The 3rd Macao International Forum Programme & Briefing Theme Paper

Schedule

In recent decades, globalisation (as well as glocalisation), with its various associated phenomena such as the growth of international travel and the development of information technology, has increased the rate of international mobility and intercultural contact. This forum aims to explore the challenges of intercultural communication in a globalised world, with particular focus on the Asia-Pacific region and its intercultural dynamics. The discussion will endeavour to explore the conjunction and mutual impact of three problem areas delineated below: the internationalisation of education, ethnicity, and ideology.

Internationalisation of Education
Increasingly, students and scholars migrate in their career paths across international borders. What once was the attainment of the privileged few is now the aspiration and reality of many – an academic degree from another country, or a year abroad on academic exchange, or a gap year, or a semester-at-sea, or a plum job in a foreign land. With the fluid migration – often back-and-forth, or in diagonal trajectories – come multiple challenges of communication. For example, the bureaucracies of academic institutions, and the governmental bodies overseeing their institutional structure, may be less mobile than students and scholars themselves, and thus the institutional structure may pose more rigidly entrenched expectations and constraints on communication than the somewhat fluid mindset of sojourners and expats. Likewise, the native end-users of the provision of academic services – for example, local students of a publicly-funded college in the US/ Canada, UK/ Ireland, or Australia/ New Zealand – may have different expectations of college life than international students or scholars hosted by the institution. Conversely, with the phenomenon of reverse brain-drain, returnees from abroad, such as overseas Chinese or foreign-educated Chinese, may experience reverse culture shock. The challenges of intercultural communication are also handed down to the next generation of “third space” children, “heritage learners”, and students of “international schools” which cater to a mix of local and expat children. This phenomenon, in turn, can lead to an intra-family inter-generational communication gap, compounding the family unit’s challenges within both their immediate and wider environment (e.g., in a widening circle, the home, neighbourhood, school, workplace, locality, province, country, global region).

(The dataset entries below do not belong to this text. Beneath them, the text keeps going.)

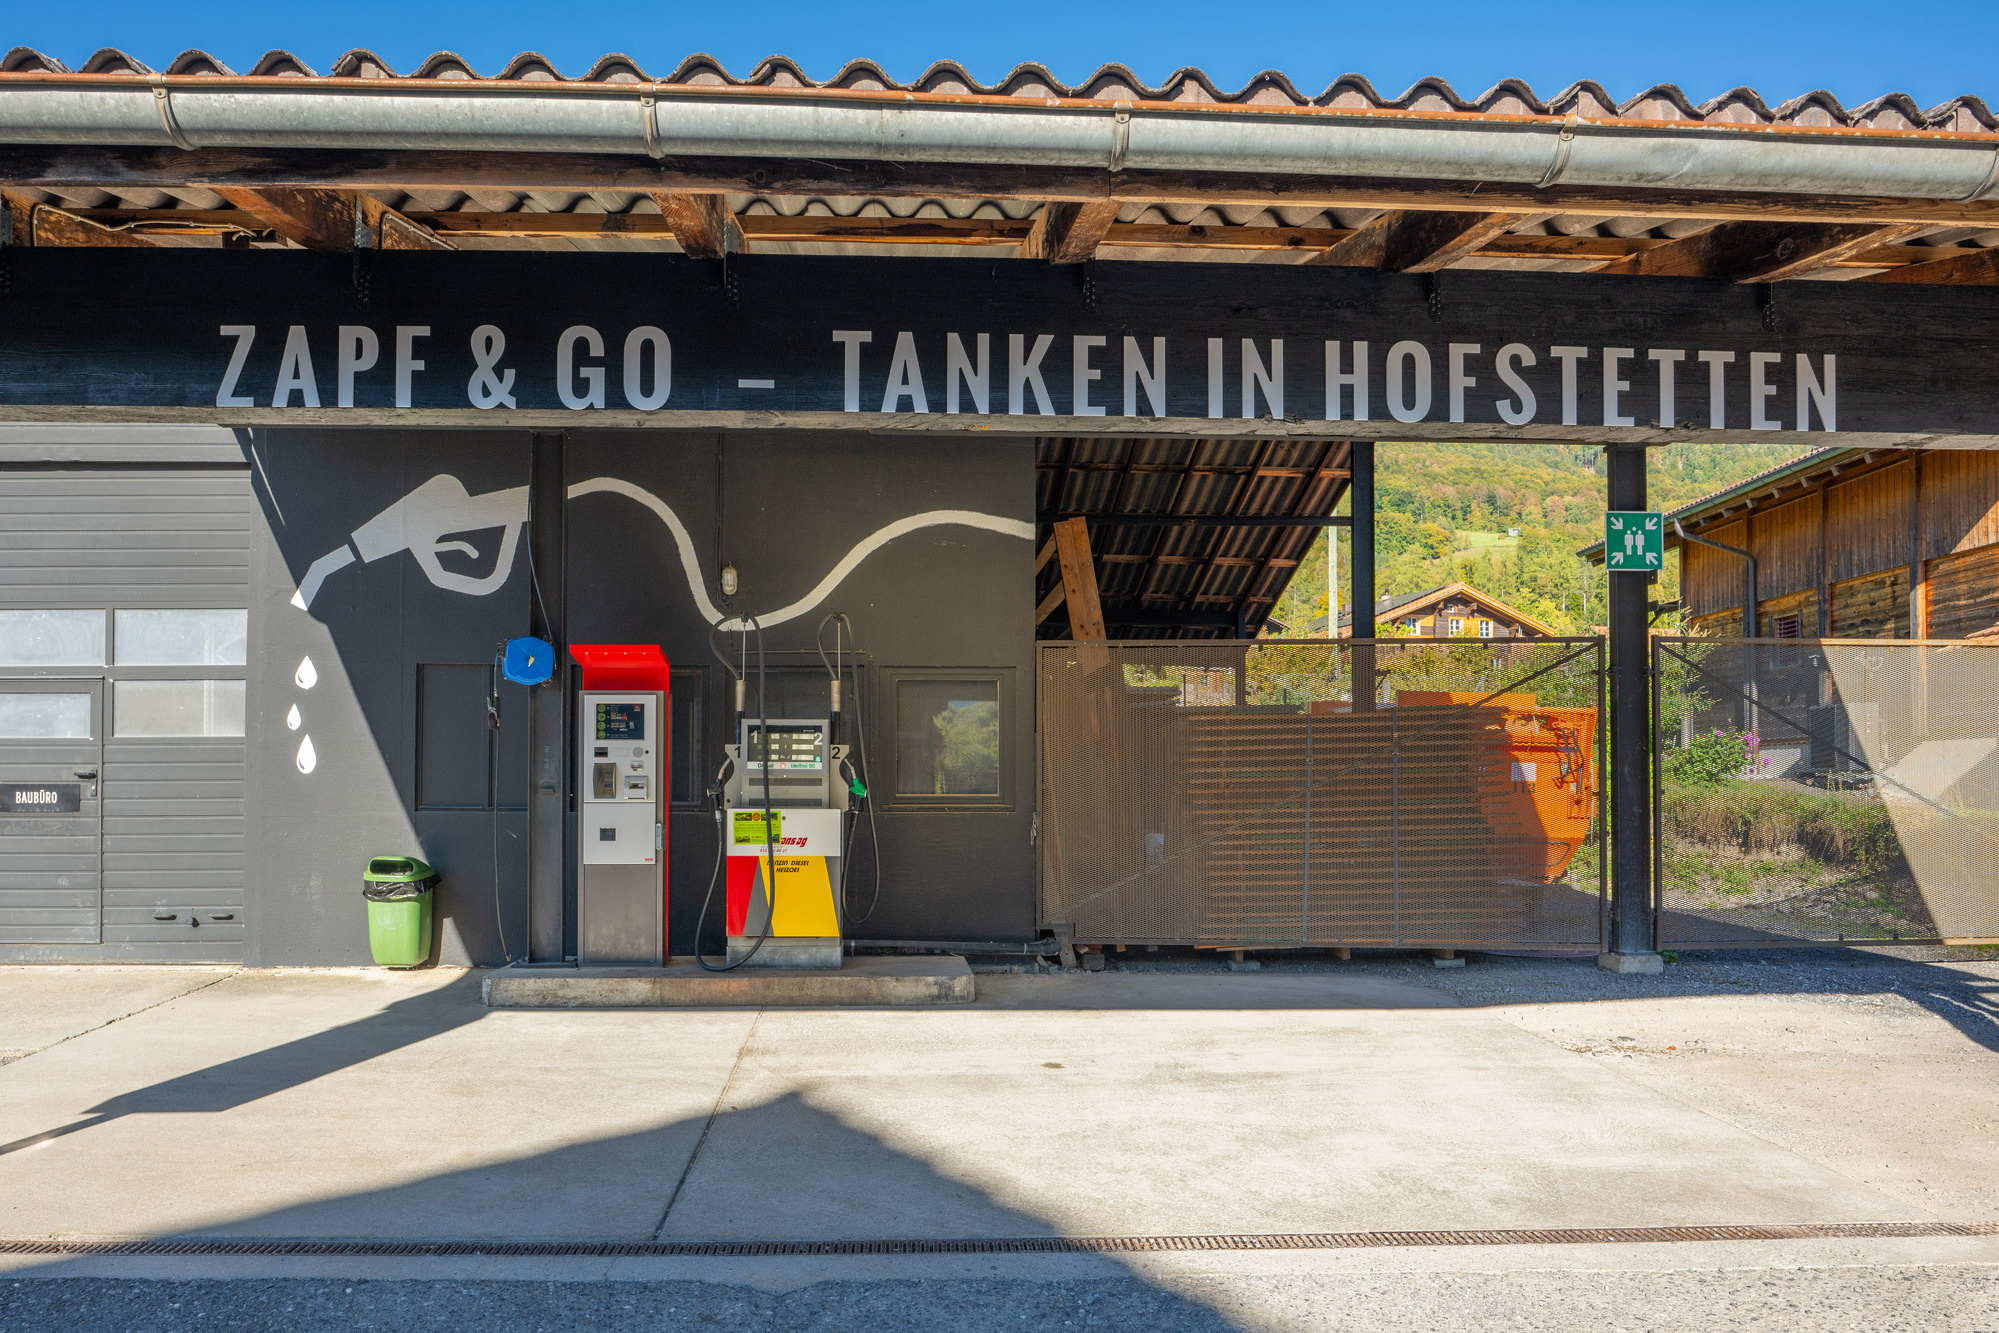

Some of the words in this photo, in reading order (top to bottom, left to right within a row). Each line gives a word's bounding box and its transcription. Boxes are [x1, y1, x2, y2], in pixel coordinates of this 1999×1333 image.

[216, 324, 432, 409] ZAPF
[467, 324, 517, 410] &
[557, 325, 672, 411] GO
[832, 330, 1166, 418] TANKEN
[1207, 338, 1284, 420] IN
[1325, 340, 1837, 433] HOFSTETTEN
[750, 730, 758, 744] 1
[814, 732, 823, 746] 2
[734, 745, 741, 759] 1
[831, 746, 841, 760] 2
[15, 789, 58, 804] BAUBÜRO

What are the challenges facing, on the one hand, government and educational institutions, and, on the other hand, individual educators and students, in adapting to an increasingly internationalised educational environment?

Ethnicity
Ethnicity continues to play a differential role in stereotyping and mutual perceptions. Narrower than nationality and more clearly demarcated than race, ethnicity is nevertheless a social and cultural construct. Within the context of a nation-state, an ethnic group can constitute a majority or a minority, e.g., Han vs. Uyghur in China. Ethnic demarcation may not correspond to racial demarcation, e.g., Korean vs. Japanese. A nationality, e.g., American, Chinese or Australian, may subsume multiple ethnic and racial groupings. Ethnicity thus overlaps and intersects with other group identity markers, such as nationality, race, but also gender, generation, profession, etc. However, these groupings generate perceptions of belonging vs. non-belonging which are formative of construals of self vs. other. In this regard, the social and cultural constructs of groupings generate the possibility of stereotypes, mindsets, and policies.

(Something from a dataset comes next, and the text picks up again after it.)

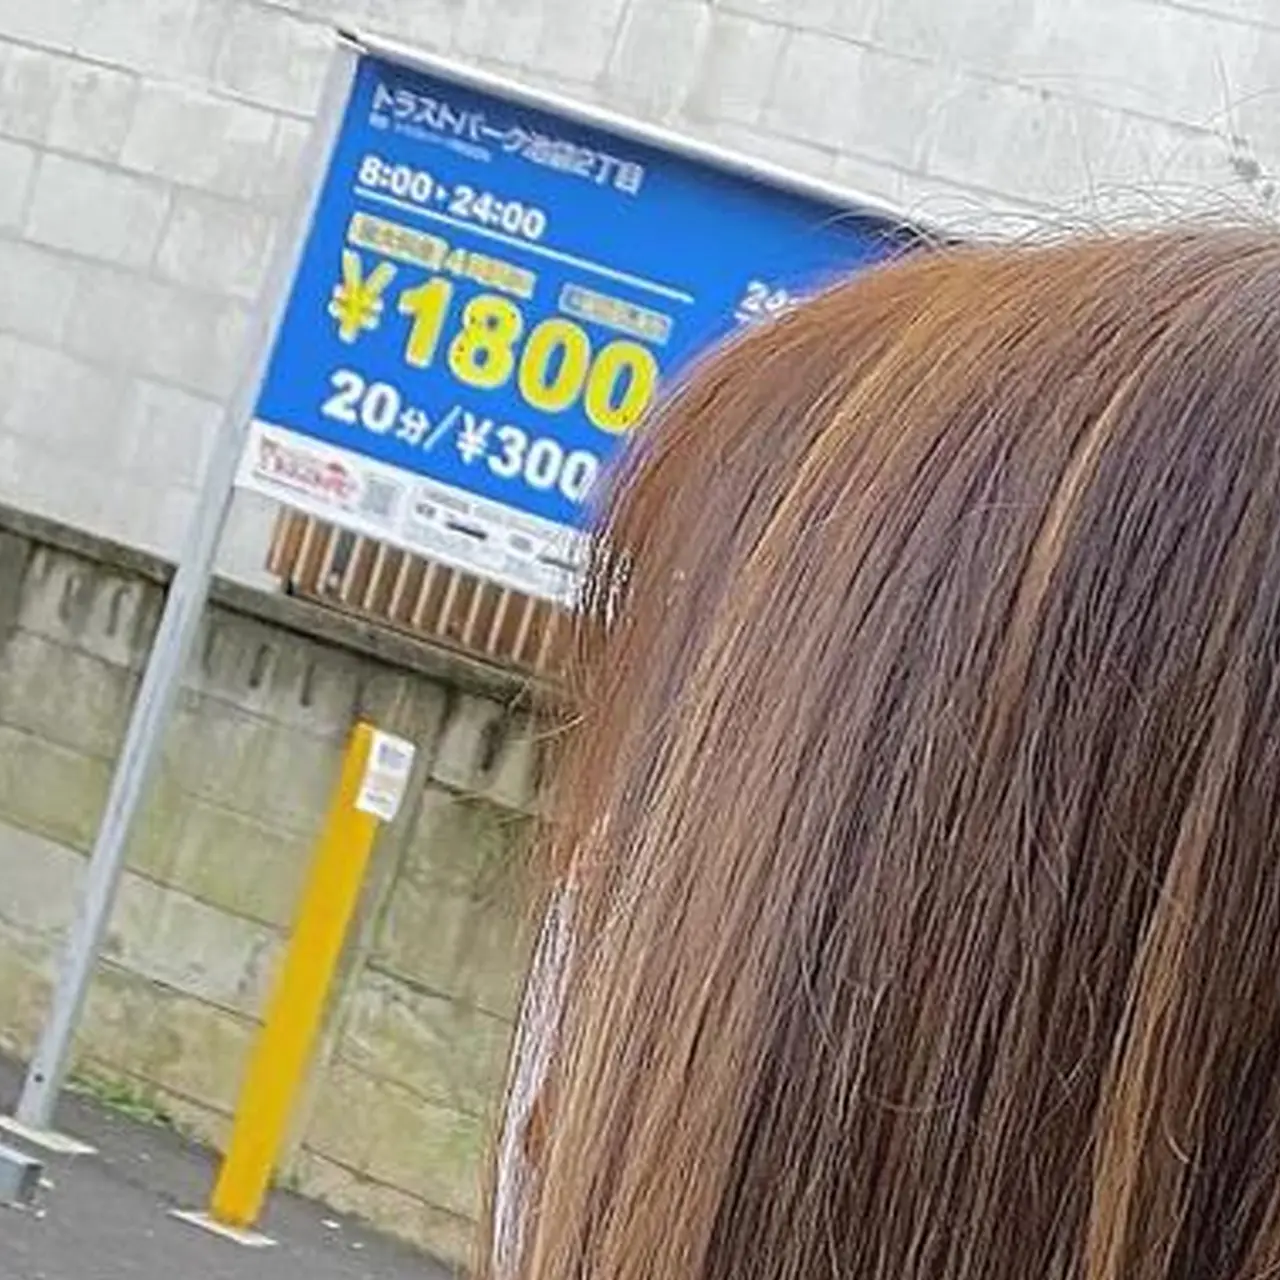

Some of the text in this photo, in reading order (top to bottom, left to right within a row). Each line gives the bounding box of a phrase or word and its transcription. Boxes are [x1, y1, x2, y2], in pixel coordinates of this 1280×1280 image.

[358, 154, 547, 240] 8:00 24:00
[327, 247, 659, 435] ¥1800

What are the challenges of intercultural communication vis-à-vis these invisible (or partly visible) constructed boundaries that intersect society, even in today’s increasingly fluid, dynamic, hybrid and globalised world?

Ideology
At the bottom of the cultural iceberg are historically layered underpinnings of ideology. For example, in mainland China today, there are historical layers of Daoism, Confucianism, Buddhism, Western liberal democracy, Marxism-Leninism-Maoism, and “Socialism with Chinese characteristics”. In the last few decades, different state ideologies of the various nations within the Asia-Pacific region have created a whole array of problems and challenges for intercultural communication among and between the peoples of these countries. As with the constructs of nationality-ethnicity-race, it is difficult to delineate the distinguishing boundaries between ideology, religion, and political philosophy. Arguably, ideology in its broad sense includes elements of all three, and generates or informs the value systems of the social groupings of nation-ethnicity-race (among other groups), and of the individual members who variously constitute these groupings. These value systems lie at the bottom of the cultural iceberg in that they may be the least clearly visible but also the most generative or directive of behaviour(s).

What challenges to intercultural communication, as individuals/ cultures/ groups interact with each other, are posed by ideological considerations, which may not always be fully conscious or explicitly articulated, but which are nevertheless powerful forces affecting decision-making behaviour?